Tellent Recruitee is a computerized cloud-based applicant tracking system (ATS) for recruiting employees. It is owned by Tellent and is used by internal HR teams for processes including job advertisements, finding candidates, reporting, and applicant tracking.

==History==
Perry Oostdam and Pawel Smoczyk founded Recruitee after working on a mobile gaming startup. The Recruitee was launched in August 2015 and now operates in the USA and in Europe.. In September 2015, the company received a seed funding payment from investors Robert Pijselman and Luc Brandts.

In February 2021, Recruitee and the Finnish HR software provider Sympa merged their operations, backed by the growth equity firm Providence Strategic Growth (PSG). In 2022, the group acquired the French company Javelo and the German company kiwiHR.

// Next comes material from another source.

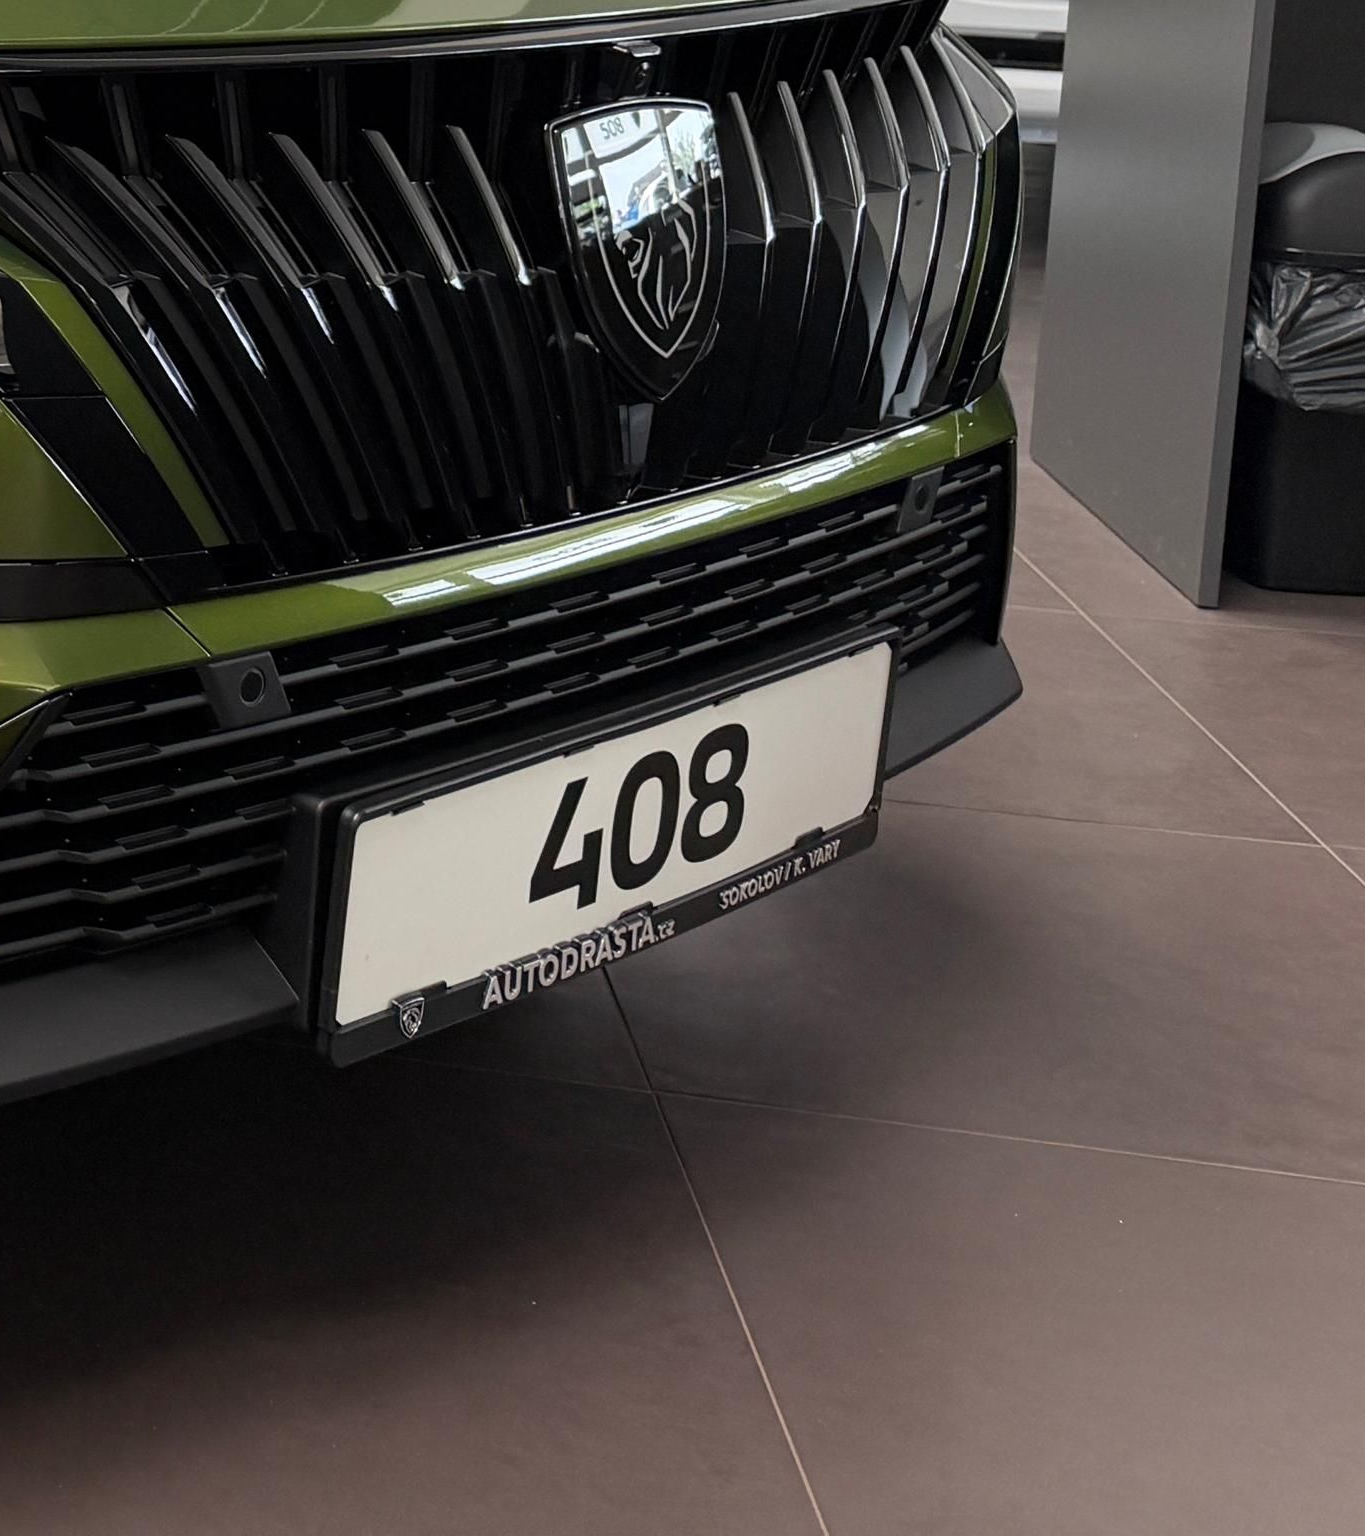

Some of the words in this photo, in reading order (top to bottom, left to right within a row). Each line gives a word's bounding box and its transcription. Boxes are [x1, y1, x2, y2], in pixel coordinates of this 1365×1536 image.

[529, 723, 750, 910] 408
[719, 865, 784, 910] SOKOLOV
[807, 839, 841, 869] VARY
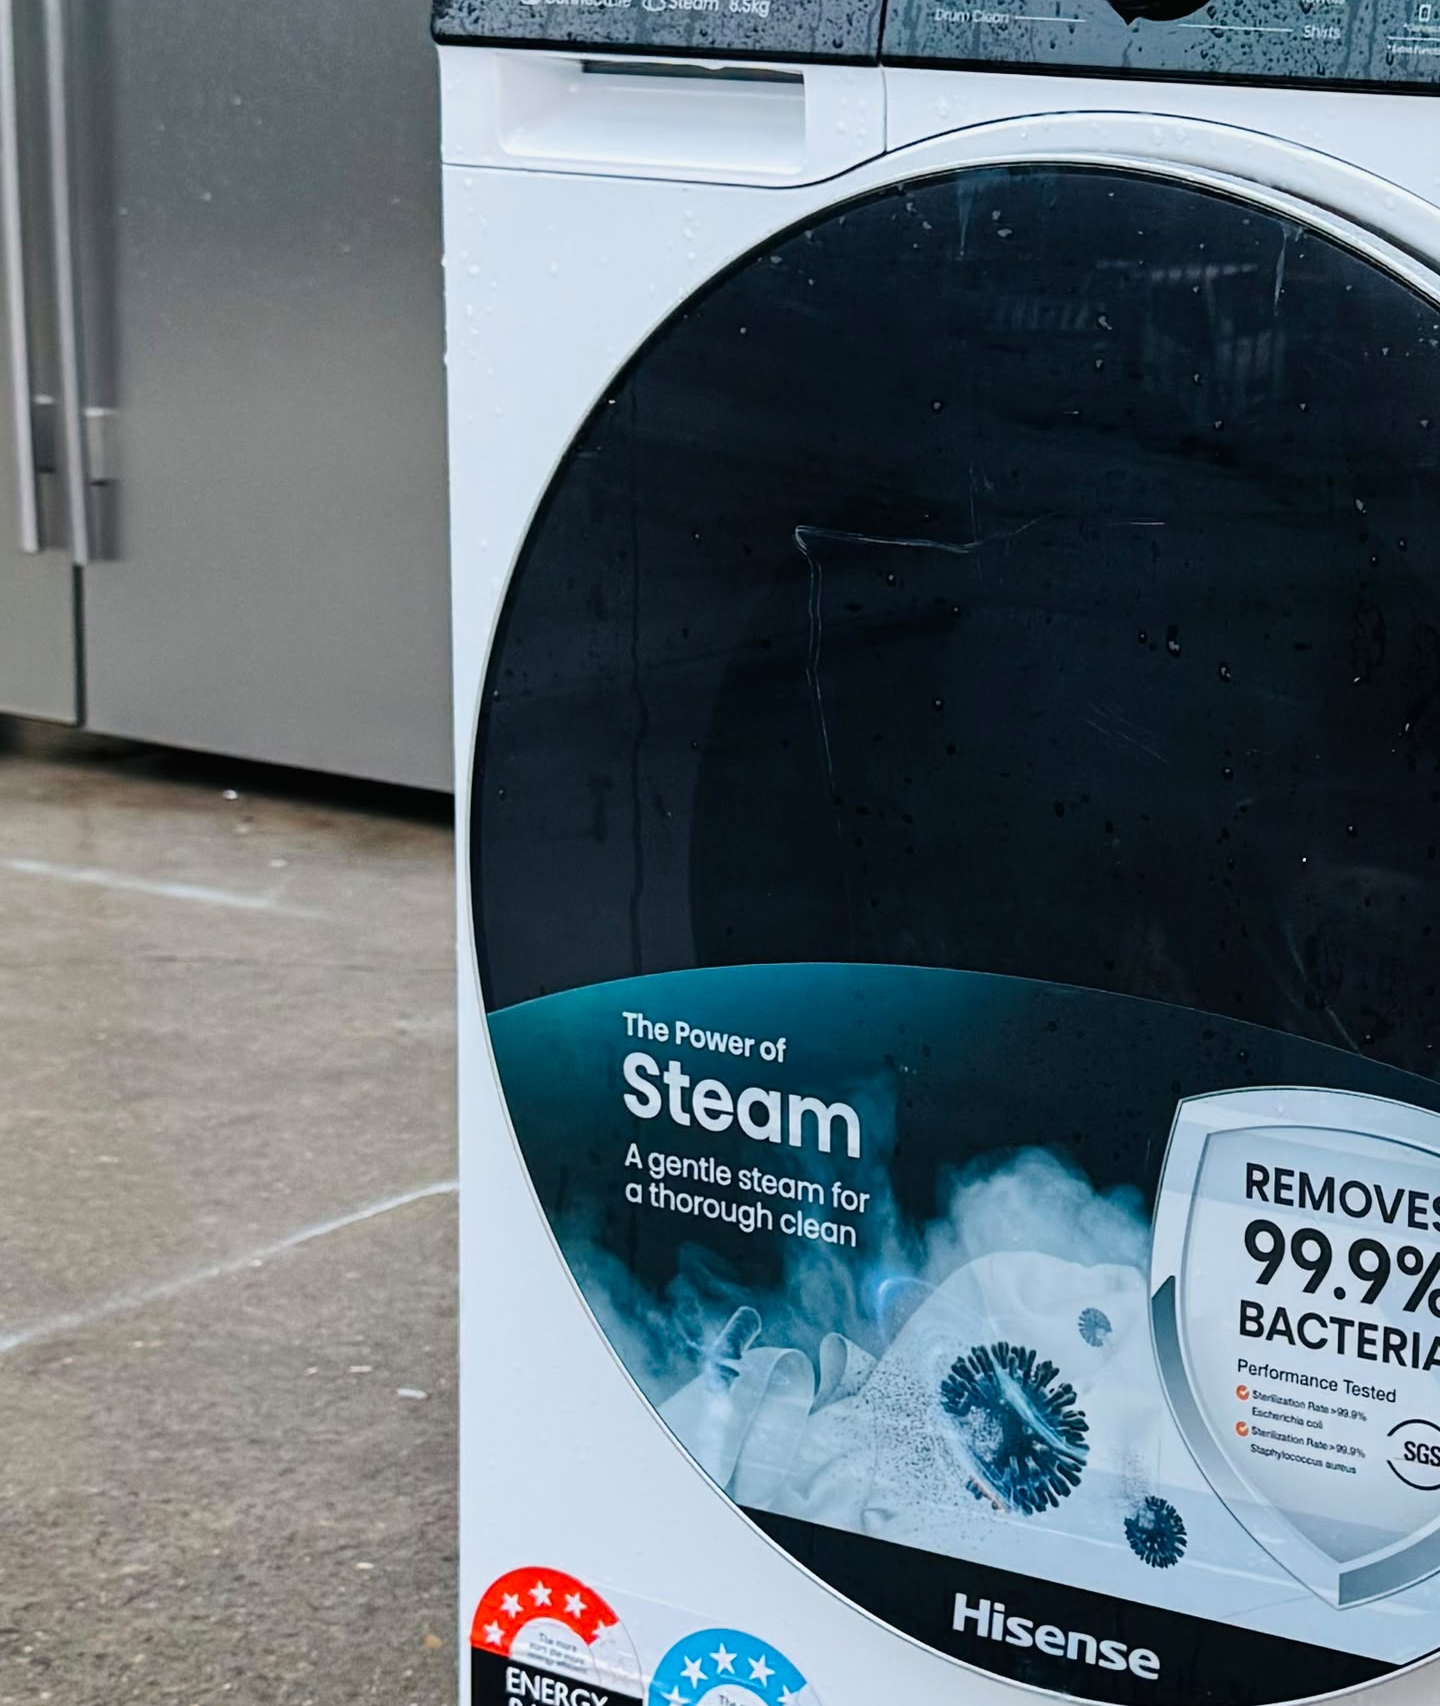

The parent company was subsequently renamed as Tellent while Recruitee renamed as Tellent Recruitee and continues to operate as a product unit within the Tellent group.

==Platform==
Tellent Recruitee is a customizable recruitment software. It functions as an ATS and "talent acquisition platform" and includes tools to create and publish job listings, find candidates, manage recruitment agencies, and track applicants through customizable pipelines. The interface allows drag-and-drop organization of candidates.

The platform also includes features for team collaboration, such as shared notes, task assignments, and candidate evaluations. It also has integrated scheduling tools and automated email communication. Tellent Recruitee also provides analysis and reports on hiring and career site metrics. The software allows for customization of career site pages and application forms. It supports integrations with other HR and productivity software, such as WhatsApp, and has various AI functionalities to support manual recruitment tasks.